Clarifying the terms of such an agreement saves all parties time and legal fees. Given that the ISDA`s governing contract would likely be governed by English, New York or, more recently, French law, the question arises as to whether a foreign contract setting out conditions of close compensation is recognized from the point of view of Ukrainian law. The answer is yes – there is nothing in Ukrainian rules on the narrowness of networks that would prevent foreign law through network agreements. The ISDA Masteragrement, published by the International Swaps and Derivatives Association, is the most widely used master service contract for otC derivatives transactions internationally. It is part of a documentary framework that aims to provide comprehensive and flexible documentation on OVER-the-counter derivatives. The framework consists of a master contract, a calendar, confirmations, definition brochures and credit support documentation. At the same time as the timetable, the framework agreement defines all the general conditions necessary for the proper distribution of the risks of transactions between the parties, but does not contain specific terms and conditions for a particular transaction. Once the framework agreement has been concluded, the parties can enter into numerous transactions by agreeing to the essential terms and conditions over the telephone, as confirmed in writing, without the need to re-consider the terms of the framework agreement. First, the party that decides.

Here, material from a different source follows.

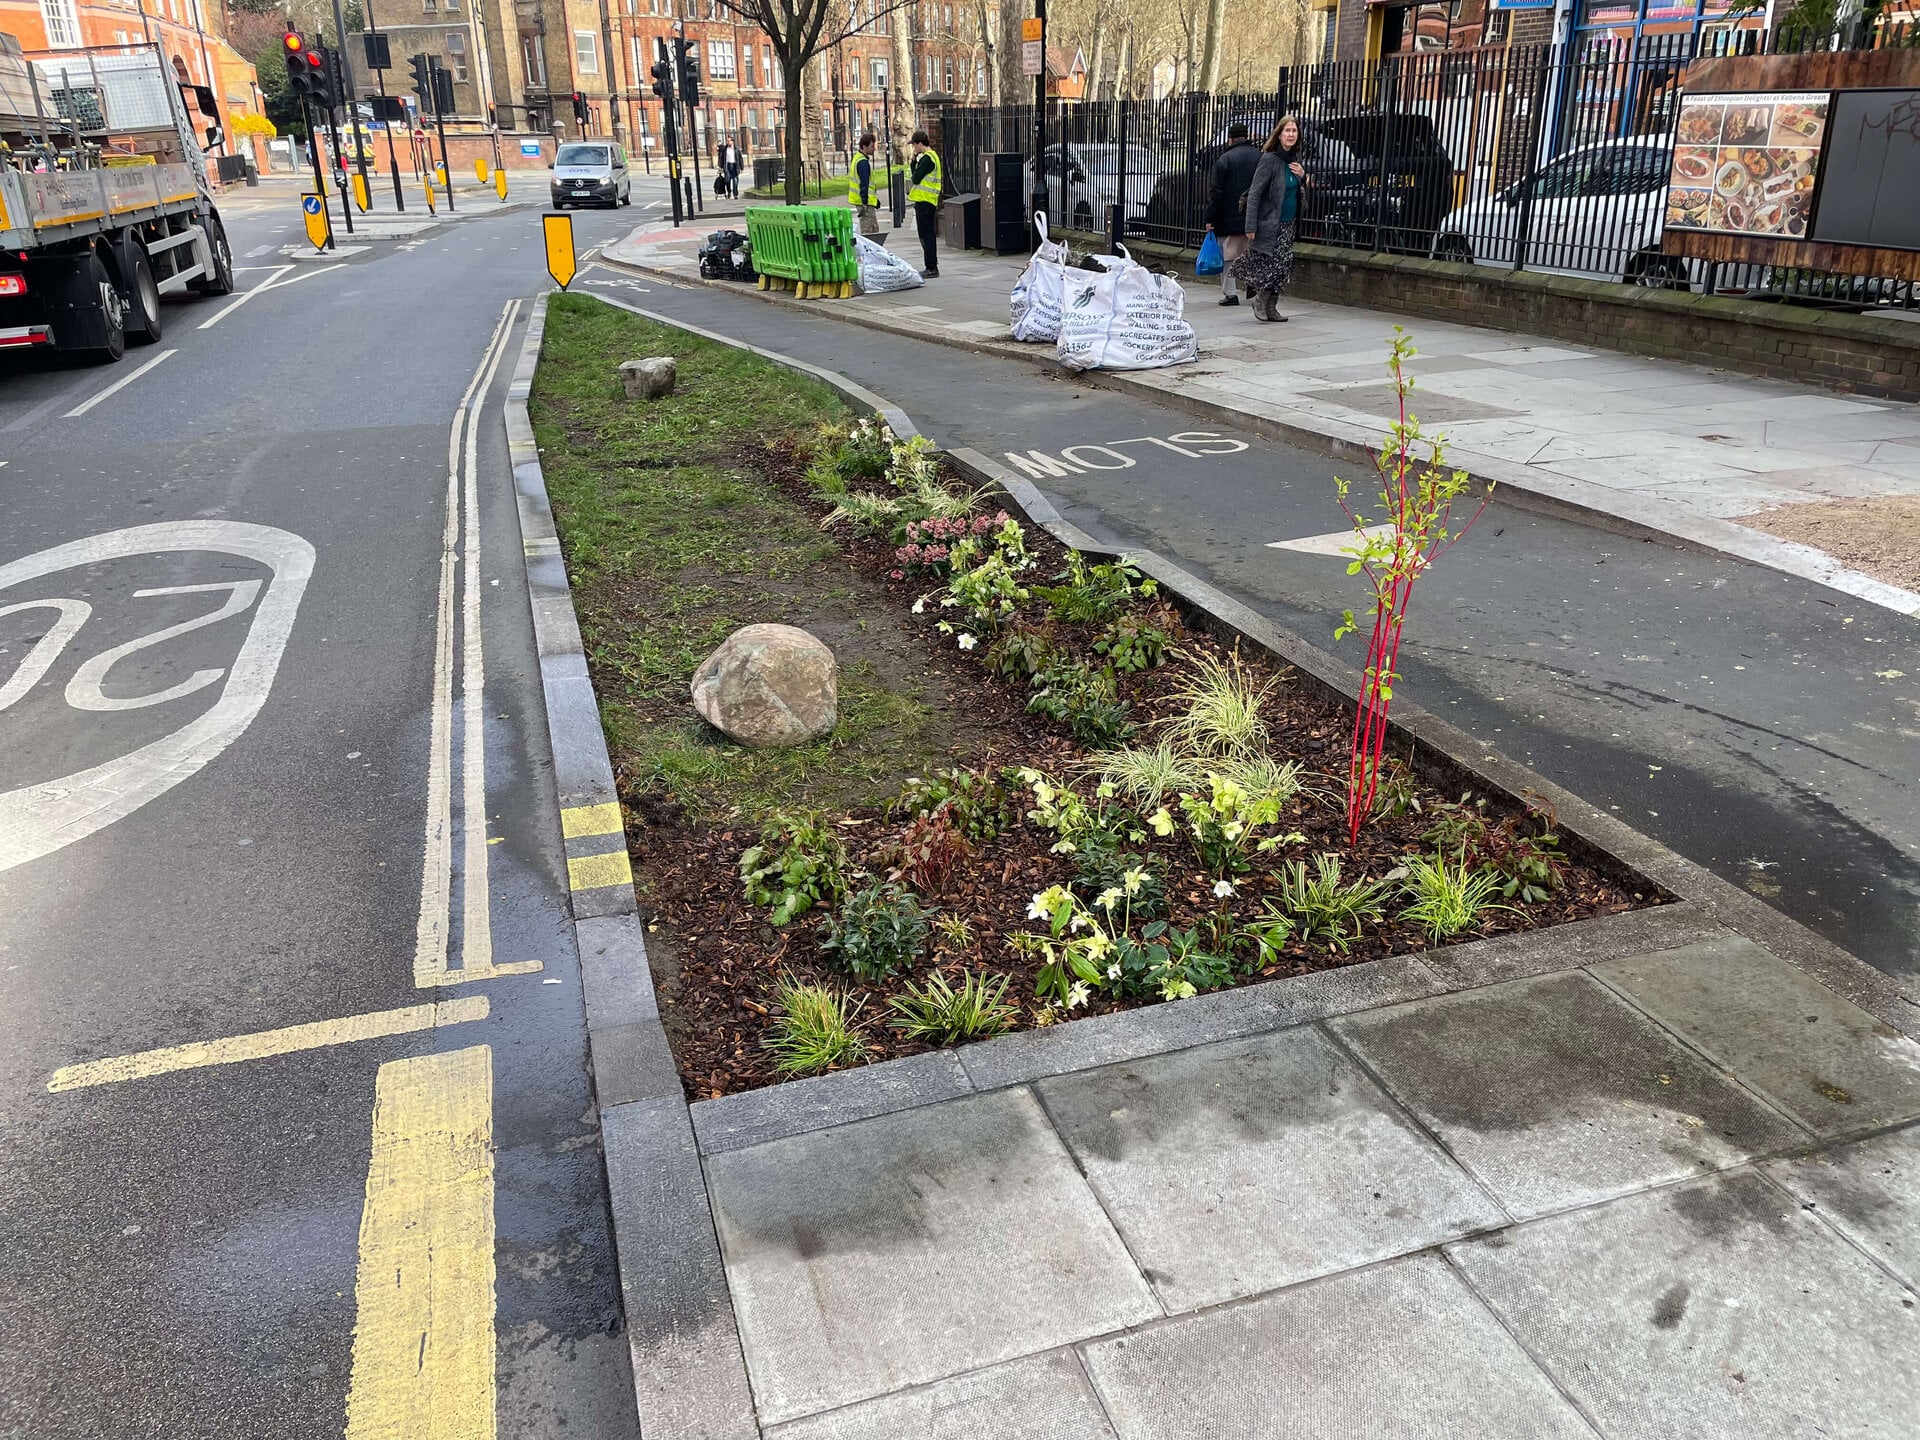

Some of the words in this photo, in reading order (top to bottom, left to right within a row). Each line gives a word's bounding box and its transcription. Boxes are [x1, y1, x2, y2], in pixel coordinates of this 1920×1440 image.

Ukrainian law states that a compensation agreement should relate to a „person who is responsible for the execution of the compensation.“ Although the text of the legislation could have been clearer, there is, in our view, nothing to prevent the application of the provisions of the ISDA master contract, which would make calculations of the amount of the close-out (including whether it is two parties involved or even an agent of a deciding party). Then there is a question of determination itself. For the purposes of calculating the final amount, the Act uses the concept of a party`s „bond value“ in a derivatives transaction, and follows the statement that the method of determining that value should be defined by the clearing agreement.